- What is required
Could you restate all of the records exactly, leaving out the pictures?
Start of Information given
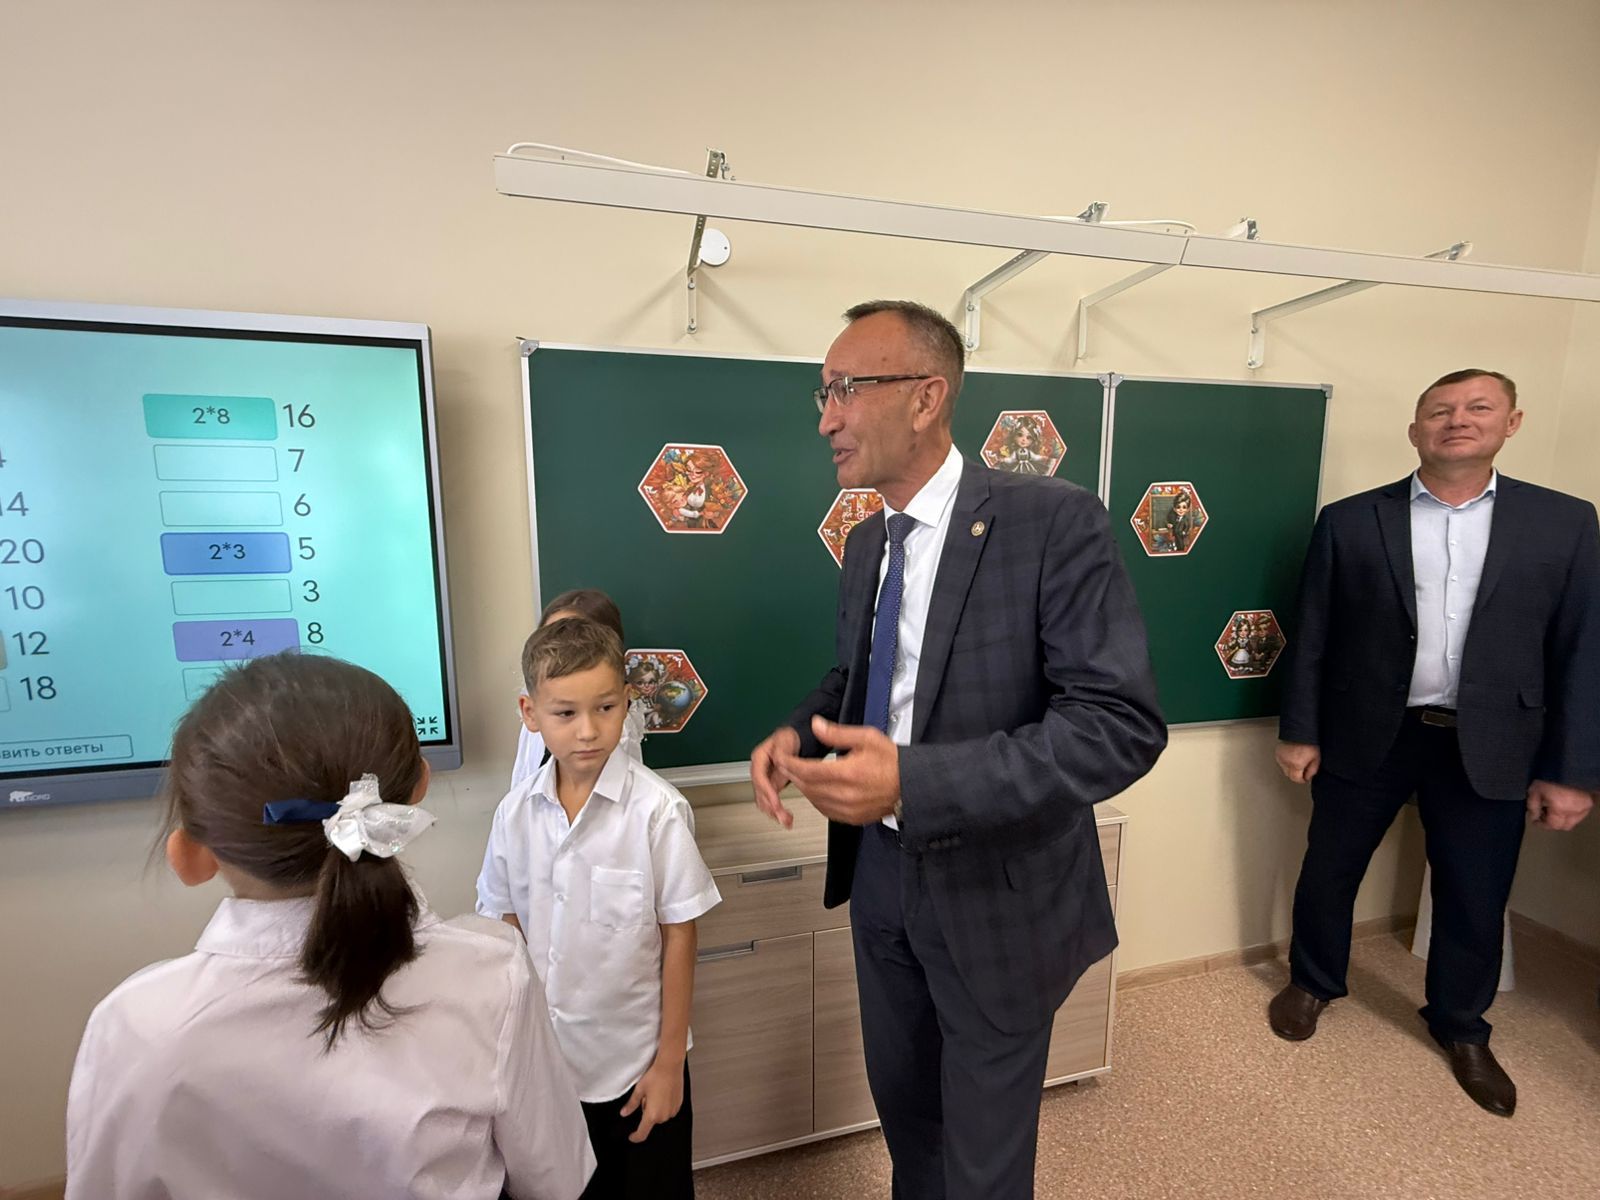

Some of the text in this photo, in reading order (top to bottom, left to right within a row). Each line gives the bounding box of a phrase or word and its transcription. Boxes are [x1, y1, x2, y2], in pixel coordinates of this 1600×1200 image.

[283, 403, 316, 428] 16
[288, 448, 305, 473] 7
[294, 493, 311, 517] 6
[0, 538, 45, 564] 20
[298, 537, 315, 560] 5
[5, 585, 45, 610] 10
[303, 580, 320, 603] 3
[12, 631, 50, 656] 12
[308, 622, 324, 644] 8
[20, 675, 57, 701] 18
[0, 743, 104, 759] вить ответы
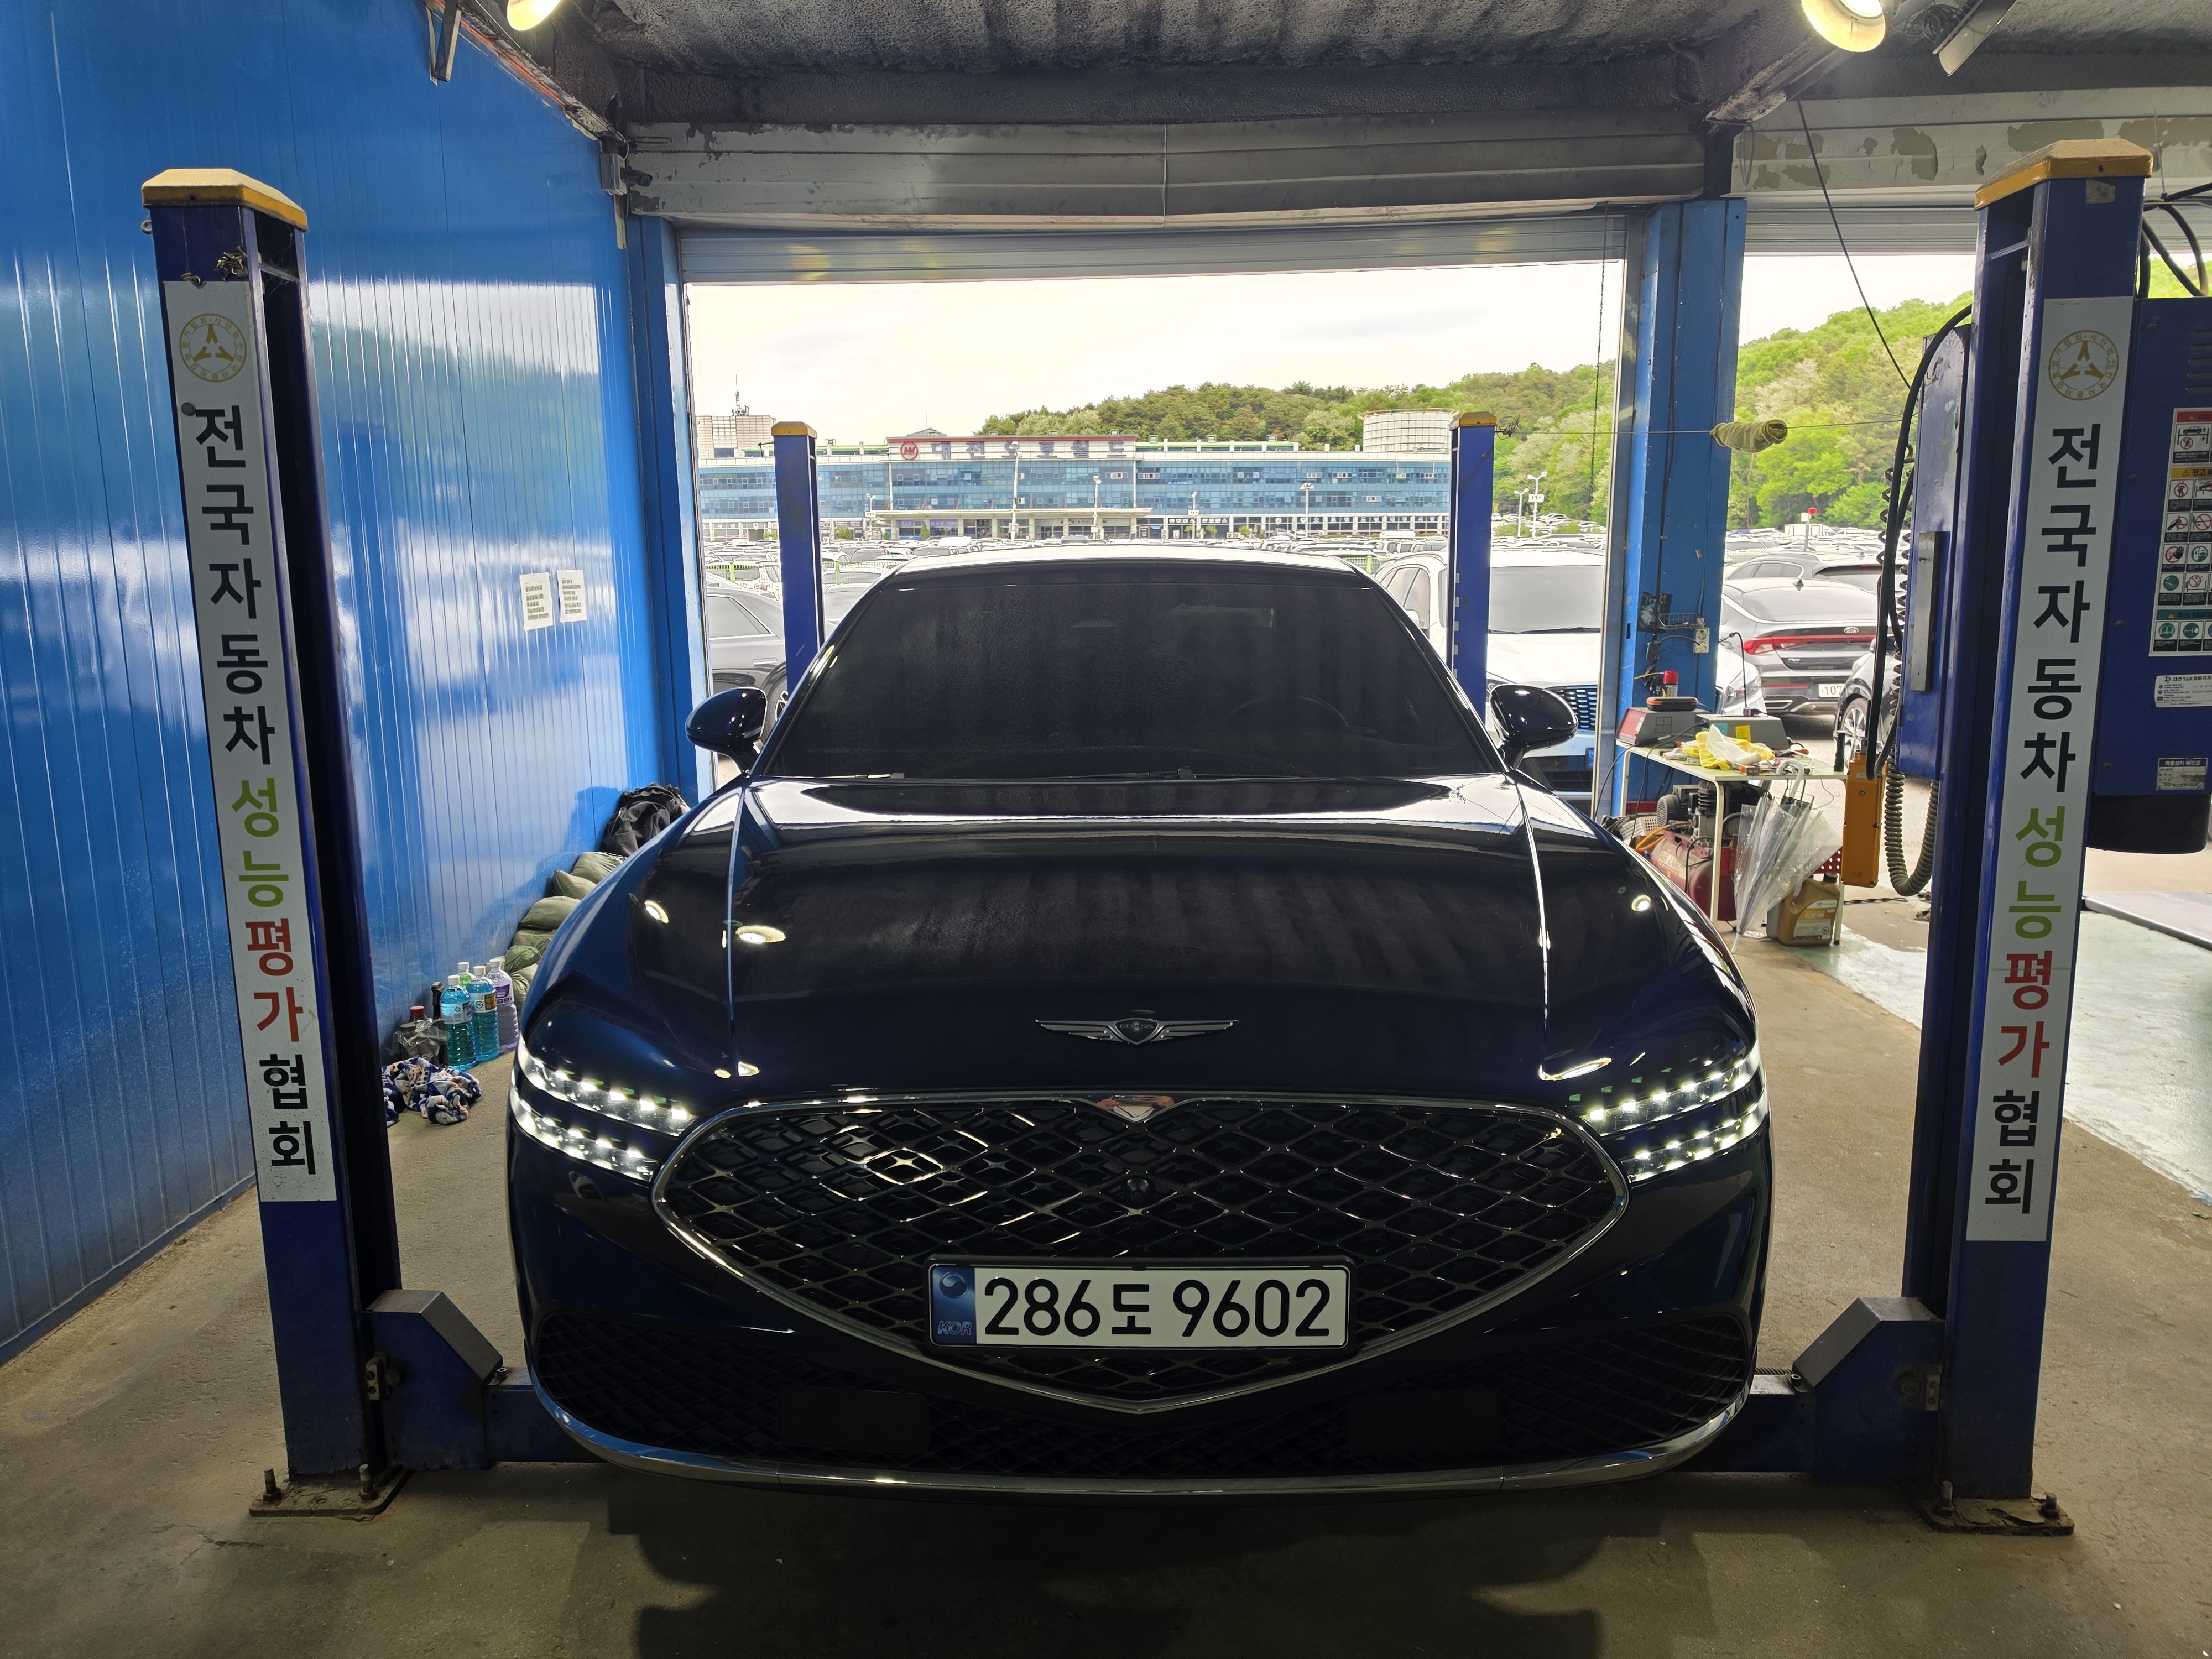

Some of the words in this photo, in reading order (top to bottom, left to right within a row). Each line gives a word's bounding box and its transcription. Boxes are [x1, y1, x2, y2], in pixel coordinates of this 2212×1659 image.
End of Information given
- Final answer
Some of the text in this photo, in reading order (top to bottom, left to right within a row). Each line gives the bounding box of a phrase or word and its transcription. Boxes are [x1, y1, x2, y2], in pixel coordinates of this 1600×1200 image.

[283, 403, 316, 428] 16
[288, 448, 305, 473] 7
[294, 493, 311, 517] 6
[0, 538, 45, 564] 20
[298, 537, 315, 560] 5
[5, 585, 45, 610] 10
[303, 580, 320, 603] 3
[12, 631, 50, 656] 12
[308, 622, 324, 644] 8
[20, 675, 57, 701] 18
[0, 743, 104, 759] вить ответы

Some of the words in this photo, in reading order (top to bottom, left to right within a row). Each line gives a word's bounding box and its transcription. Boxes are [x1, y1, x2, y2], in pixel coordinates of this 2212×1659 image.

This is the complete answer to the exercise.